> [RECORDS PROVIDED]
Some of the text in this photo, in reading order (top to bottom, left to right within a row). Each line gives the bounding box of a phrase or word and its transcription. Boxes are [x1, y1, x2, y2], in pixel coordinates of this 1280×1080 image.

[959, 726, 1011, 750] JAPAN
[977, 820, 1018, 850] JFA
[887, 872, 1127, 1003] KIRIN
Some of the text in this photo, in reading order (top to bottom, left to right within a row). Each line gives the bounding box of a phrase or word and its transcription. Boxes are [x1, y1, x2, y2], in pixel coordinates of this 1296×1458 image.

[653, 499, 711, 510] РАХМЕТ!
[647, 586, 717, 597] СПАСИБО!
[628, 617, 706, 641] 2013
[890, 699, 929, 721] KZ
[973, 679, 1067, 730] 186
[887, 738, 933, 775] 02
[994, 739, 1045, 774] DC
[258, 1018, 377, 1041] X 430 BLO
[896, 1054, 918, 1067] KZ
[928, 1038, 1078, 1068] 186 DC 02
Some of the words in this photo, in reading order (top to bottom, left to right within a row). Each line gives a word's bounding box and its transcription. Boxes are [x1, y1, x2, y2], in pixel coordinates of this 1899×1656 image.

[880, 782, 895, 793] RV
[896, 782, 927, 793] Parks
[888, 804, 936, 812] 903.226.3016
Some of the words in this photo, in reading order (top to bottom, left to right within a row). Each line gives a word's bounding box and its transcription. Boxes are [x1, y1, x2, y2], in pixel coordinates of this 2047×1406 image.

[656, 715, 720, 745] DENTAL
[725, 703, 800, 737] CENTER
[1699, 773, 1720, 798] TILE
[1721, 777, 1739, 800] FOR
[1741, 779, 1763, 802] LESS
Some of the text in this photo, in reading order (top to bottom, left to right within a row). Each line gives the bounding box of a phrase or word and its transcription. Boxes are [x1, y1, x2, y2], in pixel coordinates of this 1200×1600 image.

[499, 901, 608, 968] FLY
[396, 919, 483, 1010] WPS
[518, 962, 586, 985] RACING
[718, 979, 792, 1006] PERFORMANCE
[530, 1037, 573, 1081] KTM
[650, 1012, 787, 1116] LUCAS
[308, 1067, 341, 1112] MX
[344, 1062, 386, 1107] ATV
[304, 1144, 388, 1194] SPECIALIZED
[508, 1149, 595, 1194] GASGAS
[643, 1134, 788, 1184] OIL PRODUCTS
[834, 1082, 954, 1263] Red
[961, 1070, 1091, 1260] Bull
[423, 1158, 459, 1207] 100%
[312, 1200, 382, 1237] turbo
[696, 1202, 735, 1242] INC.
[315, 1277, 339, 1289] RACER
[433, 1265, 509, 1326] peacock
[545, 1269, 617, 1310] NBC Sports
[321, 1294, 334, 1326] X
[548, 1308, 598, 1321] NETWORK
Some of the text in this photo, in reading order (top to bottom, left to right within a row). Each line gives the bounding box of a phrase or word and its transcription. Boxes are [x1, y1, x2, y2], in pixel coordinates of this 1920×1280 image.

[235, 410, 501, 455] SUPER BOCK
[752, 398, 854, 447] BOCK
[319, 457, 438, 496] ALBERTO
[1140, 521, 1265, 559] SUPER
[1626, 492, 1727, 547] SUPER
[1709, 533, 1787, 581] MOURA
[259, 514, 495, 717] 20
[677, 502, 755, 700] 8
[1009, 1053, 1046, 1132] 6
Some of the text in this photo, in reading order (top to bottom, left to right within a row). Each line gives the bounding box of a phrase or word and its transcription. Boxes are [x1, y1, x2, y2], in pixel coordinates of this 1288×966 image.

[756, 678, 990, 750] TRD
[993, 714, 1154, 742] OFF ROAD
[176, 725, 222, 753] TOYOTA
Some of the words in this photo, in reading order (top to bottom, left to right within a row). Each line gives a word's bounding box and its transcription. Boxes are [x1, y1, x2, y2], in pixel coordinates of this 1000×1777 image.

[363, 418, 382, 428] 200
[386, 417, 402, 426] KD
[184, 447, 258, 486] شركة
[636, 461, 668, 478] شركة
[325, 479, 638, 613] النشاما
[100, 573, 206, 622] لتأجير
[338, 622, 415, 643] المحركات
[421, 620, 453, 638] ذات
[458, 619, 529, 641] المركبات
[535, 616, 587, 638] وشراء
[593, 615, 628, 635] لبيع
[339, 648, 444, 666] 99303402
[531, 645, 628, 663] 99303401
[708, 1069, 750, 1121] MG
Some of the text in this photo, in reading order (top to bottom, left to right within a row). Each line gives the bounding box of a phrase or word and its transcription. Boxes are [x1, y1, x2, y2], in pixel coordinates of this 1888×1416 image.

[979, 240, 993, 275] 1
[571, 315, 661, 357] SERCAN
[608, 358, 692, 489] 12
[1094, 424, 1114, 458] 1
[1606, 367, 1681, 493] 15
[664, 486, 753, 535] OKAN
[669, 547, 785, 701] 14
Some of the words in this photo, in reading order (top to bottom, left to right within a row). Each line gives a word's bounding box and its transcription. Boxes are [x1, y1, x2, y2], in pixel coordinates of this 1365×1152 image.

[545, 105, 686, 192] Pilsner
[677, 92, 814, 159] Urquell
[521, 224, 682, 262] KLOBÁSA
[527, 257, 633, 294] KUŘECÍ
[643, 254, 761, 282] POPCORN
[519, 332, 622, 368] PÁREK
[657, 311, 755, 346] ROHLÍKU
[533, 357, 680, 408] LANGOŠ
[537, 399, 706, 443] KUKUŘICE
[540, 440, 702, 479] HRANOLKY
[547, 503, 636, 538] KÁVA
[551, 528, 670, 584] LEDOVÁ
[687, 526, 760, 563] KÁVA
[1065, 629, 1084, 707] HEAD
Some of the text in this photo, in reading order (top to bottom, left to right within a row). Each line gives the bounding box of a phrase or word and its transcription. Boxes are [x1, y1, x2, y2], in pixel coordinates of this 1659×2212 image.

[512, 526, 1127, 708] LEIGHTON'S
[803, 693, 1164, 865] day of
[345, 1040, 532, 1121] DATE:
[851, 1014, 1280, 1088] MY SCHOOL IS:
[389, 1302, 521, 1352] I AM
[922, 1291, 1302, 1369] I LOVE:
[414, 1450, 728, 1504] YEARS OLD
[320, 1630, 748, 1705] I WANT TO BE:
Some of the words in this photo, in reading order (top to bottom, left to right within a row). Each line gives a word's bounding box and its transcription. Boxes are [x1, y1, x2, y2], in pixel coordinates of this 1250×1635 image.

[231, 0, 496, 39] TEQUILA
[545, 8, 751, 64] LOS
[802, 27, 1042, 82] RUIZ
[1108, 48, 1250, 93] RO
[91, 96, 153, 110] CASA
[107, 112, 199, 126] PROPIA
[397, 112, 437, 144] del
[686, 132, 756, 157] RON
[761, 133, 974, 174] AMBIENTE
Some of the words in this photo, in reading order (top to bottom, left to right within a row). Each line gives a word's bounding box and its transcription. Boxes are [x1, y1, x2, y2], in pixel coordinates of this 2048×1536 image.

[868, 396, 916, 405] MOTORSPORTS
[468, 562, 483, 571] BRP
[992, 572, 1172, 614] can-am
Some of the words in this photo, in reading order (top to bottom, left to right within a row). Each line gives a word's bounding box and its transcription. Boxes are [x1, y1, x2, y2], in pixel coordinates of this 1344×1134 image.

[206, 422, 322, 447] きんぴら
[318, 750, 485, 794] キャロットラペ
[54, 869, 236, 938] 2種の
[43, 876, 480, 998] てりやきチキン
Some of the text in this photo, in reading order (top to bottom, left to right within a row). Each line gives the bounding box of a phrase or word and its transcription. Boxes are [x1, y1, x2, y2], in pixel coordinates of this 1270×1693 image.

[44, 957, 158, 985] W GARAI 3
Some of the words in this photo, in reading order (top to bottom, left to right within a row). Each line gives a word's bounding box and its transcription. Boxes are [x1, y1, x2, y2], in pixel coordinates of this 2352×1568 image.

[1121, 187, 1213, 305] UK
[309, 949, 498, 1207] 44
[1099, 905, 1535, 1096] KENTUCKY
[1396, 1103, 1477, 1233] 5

> [PROBLEM TO WORK ON] Your answer should hold exactly the lines from the one containing "this 2352×1568 image." through the end of the entries above, and nothing else.

> [RESULT]
Some of the words in this photo, in reading order (top to bottom, left to right within a row). Each line gives a word's bounding box and its transcription. Boxes are [x1, y1, x2, y2], in pixel coordinates of this 2352×1568 image.

[1121, 187, 1213, 305] UK
[309, 949, 498, 1207] 44
[1099, 905, 1535, 1096] KENTUCKY
[1396, 1103, 1477, 1233] 5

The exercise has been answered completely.